In our 36 years of writing reports on our industry we have never seen any (especially coming from a Bloomberg writer) that so thoroughly distorted the marketing intentions of a company with a such a long history of dominating the Japanese Domestic Copier/Print Market.
On March 31st Ricoh and several other industry giants will close out their fiscal year. We will be reporting on that and see exactly how badly the pandemic has affected all of them.
We are referring to Konica Minolta, Kyocera, Sharp and Toshiba. Canon closes their fiscal at the end of December. However, that is a story for another day.
We reached out to Jim Coriddi Vice President Dealer Sales and asked for his take on what this article reported. “This financial writer completely misinterpreted what was said to the press. I have been on the phone talking to our dealers and letting them know that is not the case.”
We appreciated that Jim took the time to share with us his opinions about what was written. We asked Coriddi for his thoughts and opinions out of courtesy to him. We say this because in May 2018 Scott Cullen, CJ Cannata and I visited with Ricoh in Tokyo.
It is our practice to go to Japan at least once every four years and visit with Canon, Konica Minolta, Kyocera, Ricoh, Sharp and Toshiba. We would like to share with you what we wrote iIn an issue entitled Access Japan we discussed our visits to the big six and what we learned. We received presentations from Dominic Keogh, general manager, global communications at Ricoh Co. Ltd. You will find the following on page 20 in that special issue.
“Keogh outlined two of Ricoh’s key strategies. The first centers on Ricoh’s core printing technology and how the company can leverage that to move up the value chain as people print an assortment of things, including in the commercial and industrial print arenas. Second was recognizing that as it connects offices with front lines via a variety of technologies, all of which are providing and compiling data within customer’s workplaces, there is a need to use that data to deliver new value to customers. Ricoh is investing 100 billion yen into each of these growth strategies.”

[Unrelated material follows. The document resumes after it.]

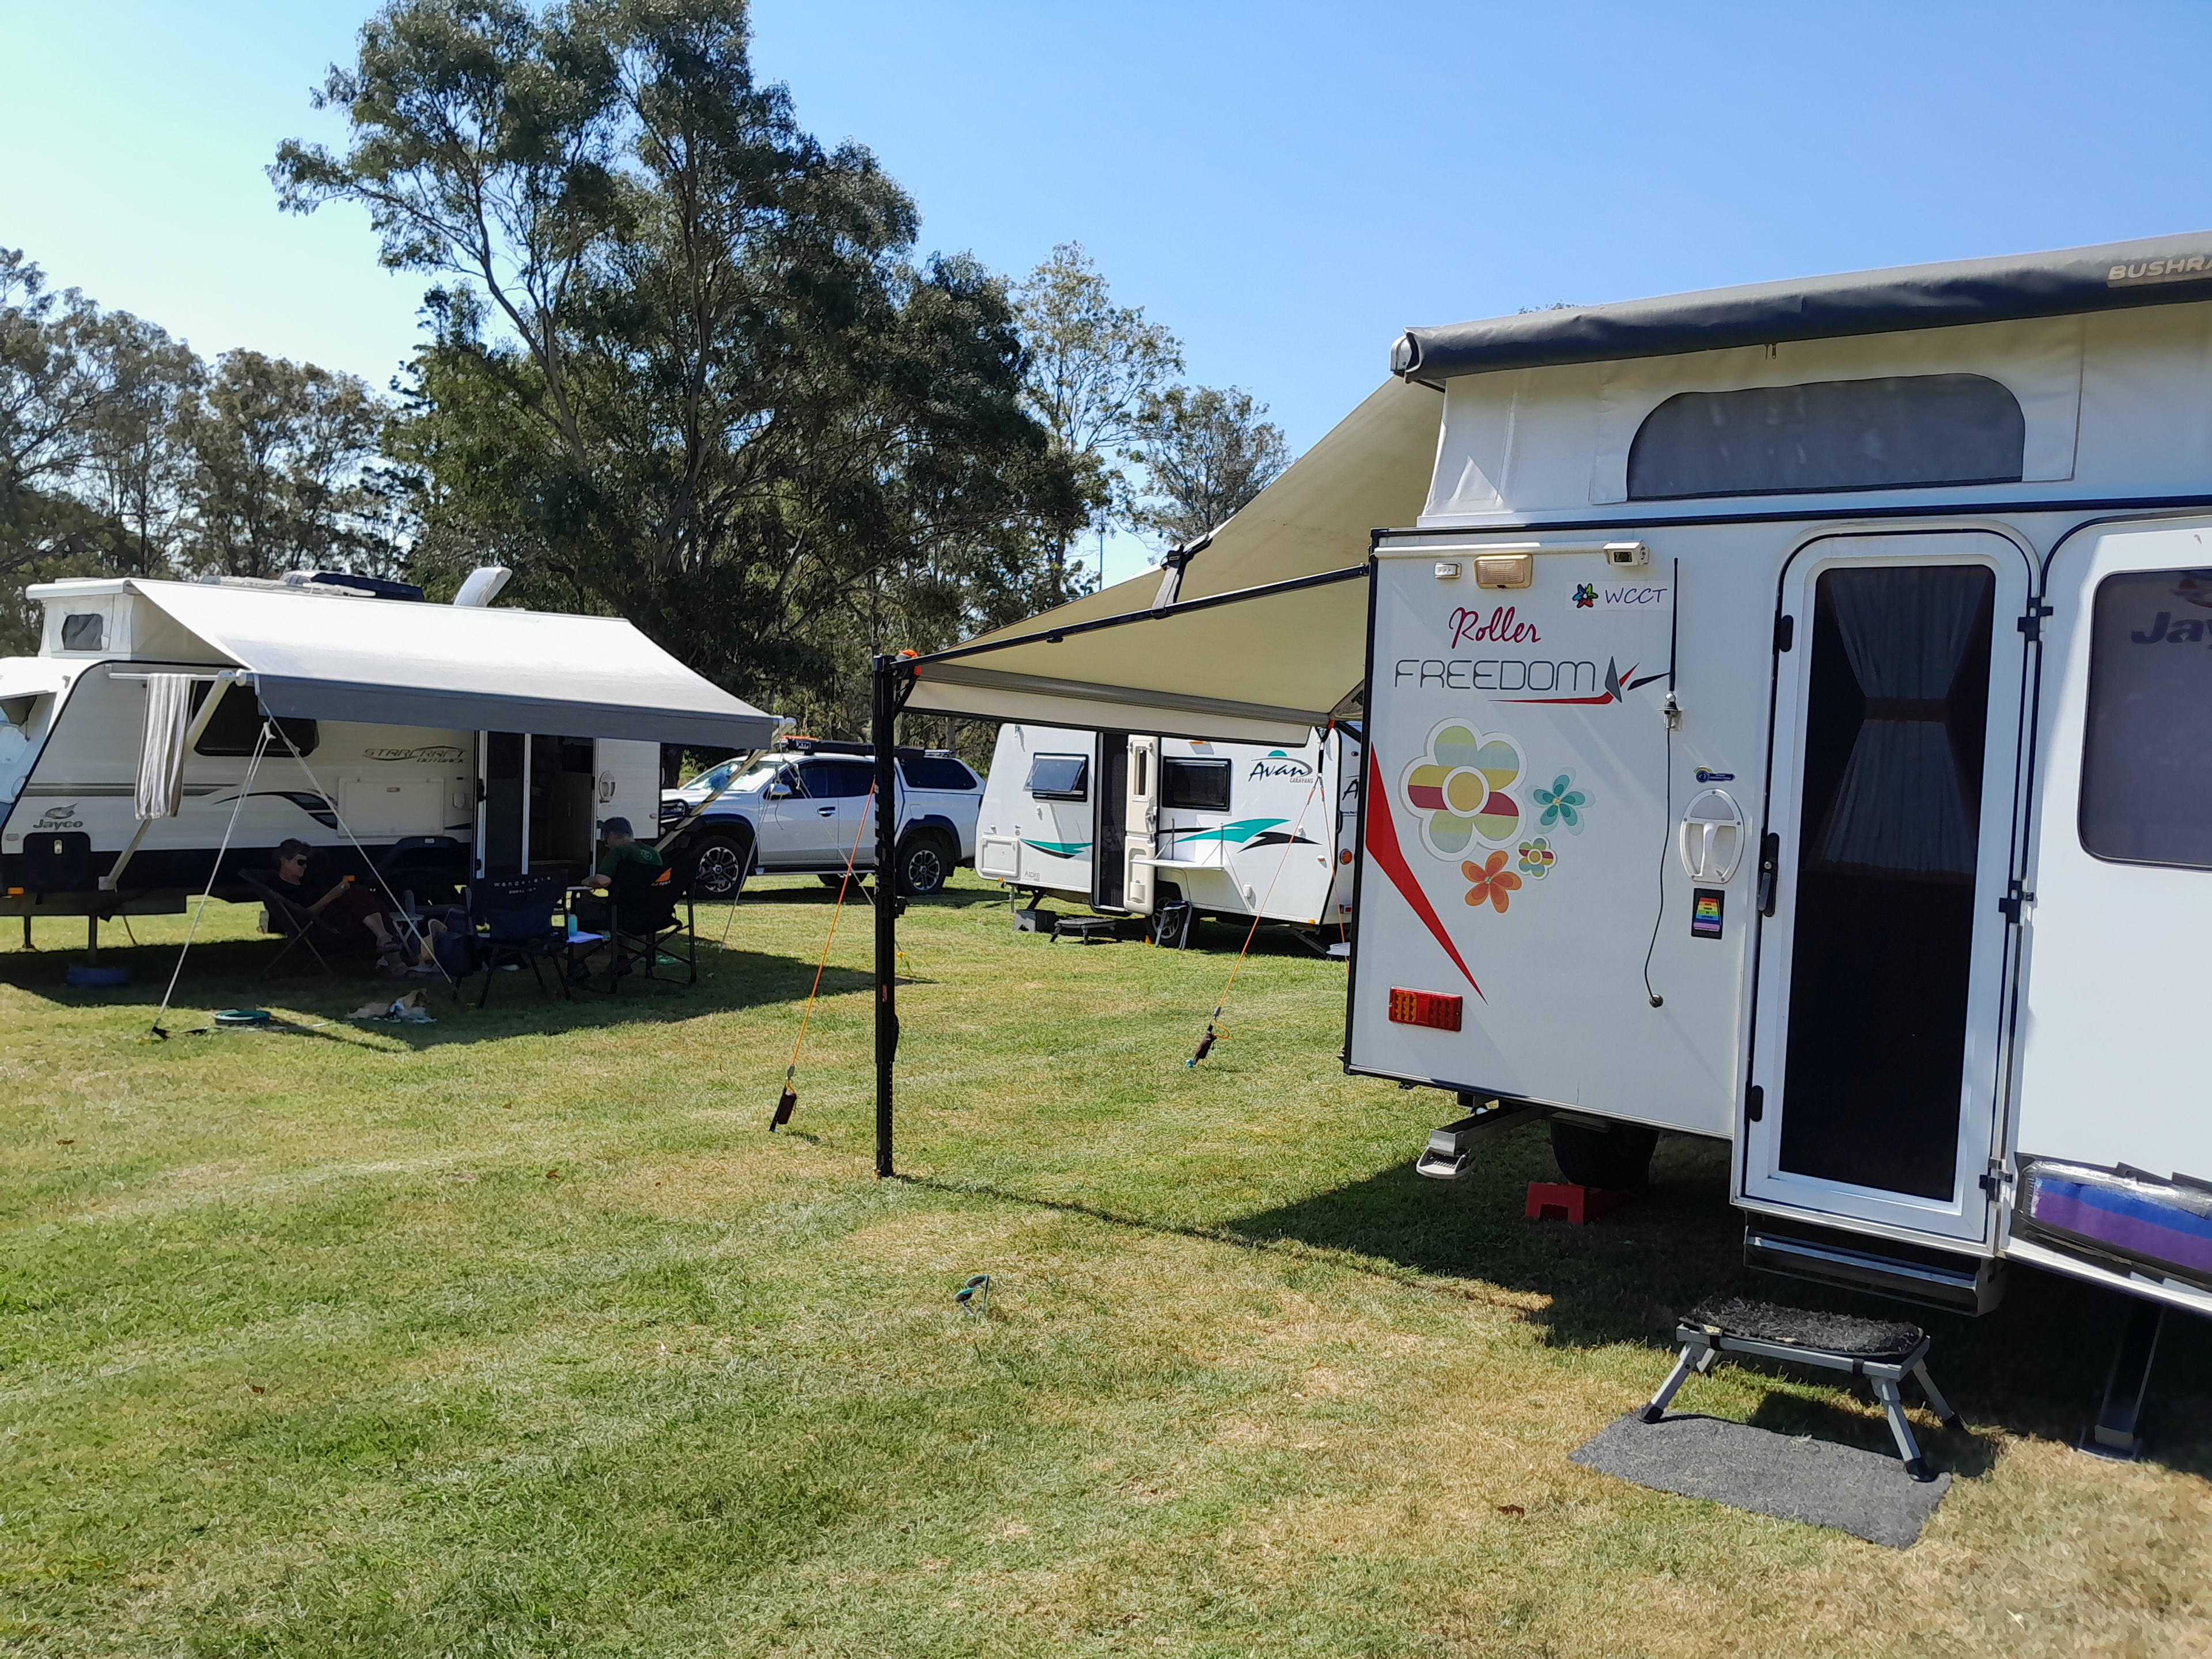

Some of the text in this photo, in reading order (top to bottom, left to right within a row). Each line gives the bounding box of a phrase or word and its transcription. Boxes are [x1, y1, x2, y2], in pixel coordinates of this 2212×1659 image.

He went on the say, “By 2022, Ricoh sees office print revenues declining to 39%.”
What Ricoh was saying to us was Office Print will decline but print is not dead and that is why we are investing 100 billion yen in production and industrial print. Ricoh is also investing another !00 billion yen into the digital services area that will lead to enhanced performances for all print devices.
At ConvergX 2018 Ricoh reinforced that message when they introduced SmartIntregrationPlatformwithCloudWorkflow by Steve Burger vice president International Business Ricoh Company Ltd who was one of our hosts when we visited Japan. Burger and Keogh gave us a complete overview of Ricoh’s future. Steve has since returned to the United States and his title is Vice President, Technology Innovation and New Business Development.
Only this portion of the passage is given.